Au petit jeu du « cite-moi 5 groupes de (insérer sous-genre) Metal venant d’Angleterre », je dois avouer qu’il est plus facile de gagner si l’on tire la carte Death Metal ou Doom. Là où ça devient plus ardu (si l’on reste dans les formations connues du grand public), c’est quand on pense au Black anglais. Parce que bon, mis à part Venom (les OG du genre avec Bathory et Hellhammer) et Cradle Of Filth, il faut reconnaître que les noms suivants viennent moins spontanément que si l’on pensait à d’autres scènes locales (Norvège, Suède, Allemagne, France, pour ne citer qu’elles).
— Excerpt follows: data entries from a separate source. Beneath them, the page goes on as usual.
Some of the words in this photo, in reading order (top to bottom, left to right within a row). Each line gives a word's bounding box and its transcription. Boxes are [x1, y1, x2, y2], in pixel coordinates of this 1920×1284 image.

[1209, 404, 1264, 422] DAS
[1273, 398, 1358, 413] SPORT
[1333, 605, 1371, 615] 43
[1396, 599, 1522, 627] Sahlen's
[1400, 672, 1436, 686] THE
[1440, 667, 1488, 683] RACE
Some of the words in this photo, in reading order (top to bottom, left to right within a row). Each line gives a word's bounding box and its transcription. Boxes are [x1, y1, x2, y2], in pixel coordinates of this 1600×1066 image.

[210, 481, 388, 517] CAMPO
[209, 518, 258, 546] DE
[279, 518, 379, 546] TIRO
Mais si la notoriété est une chose, la qualité en est une autre. Là où certains grands noms s’égarent dans des controverses puériles (qui a dit Behemoth ?), Abduction trace sa route depuis maintenant presque 10 ans et nous gratifie, au fil des ans, de sorties toujours plus intrigantes et intéressantes. Et avec ce cinquième opus (le deuxième chez Candlelight Records), le groupe passe encore un palier.
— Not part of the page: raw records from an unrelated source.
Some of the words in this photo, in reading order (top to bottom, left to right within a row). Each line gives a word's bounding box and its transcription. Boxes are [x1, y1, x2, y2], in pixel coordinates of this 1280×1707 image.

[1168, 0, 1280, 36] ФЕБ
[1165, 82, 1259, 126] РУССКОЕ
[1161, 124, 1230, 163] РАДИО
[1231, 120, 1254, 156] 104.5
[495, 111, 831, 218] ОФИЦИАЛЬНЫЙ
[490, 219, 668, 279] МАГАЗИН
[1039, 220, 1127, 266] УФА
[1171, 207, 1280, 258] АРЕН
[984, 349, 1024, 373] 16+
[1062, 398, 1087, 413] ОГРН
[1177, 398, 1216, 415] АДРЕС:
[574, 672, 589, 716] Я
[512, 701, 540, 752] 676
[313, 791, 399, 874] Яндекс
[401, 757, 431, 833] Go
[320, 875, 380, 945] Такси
Au menu : un Black intelligent, varié, à des lieues des poncifs du genre proposés par des artistes plus portés sur la provoc’ que sur l’efficacité (ça chante des chansons sur les fours et ça blaste tout du long comme une machine à laver qui essore à 1488 tours/minutes… c’est du black ou le rayon gros électro de Darty ?). Prenons « Truth is as Sharp a Sword as Vengeance », pièce centrale de l’album. En un peu moins de 9 minutes, le groupe nous propose une intro posée avec spoken word, une montée en puissance sur fond de blast avec un chant clair, un break avec quelques notes de guitare qui sonnent comme du Misthyrming dans le texte, une nouvelle montée en puissance avant un final mêlant toutes ces facettes et un chanteur possédé par sa prestation. En un seul morceau, il y a plus de variété que dans la carrière de certains groupes ! Et que dire de « Razors of Occam », un des singles dévoilés avant la sortie de l’album : chant clair, intro mélancolique qui coule naturellement en une envolée portée par le blast… La progression du morceau est logique, le groupe parvient à conserver cette mélodie du début tout au long du morceau, même quand le propos se fait plus agressif.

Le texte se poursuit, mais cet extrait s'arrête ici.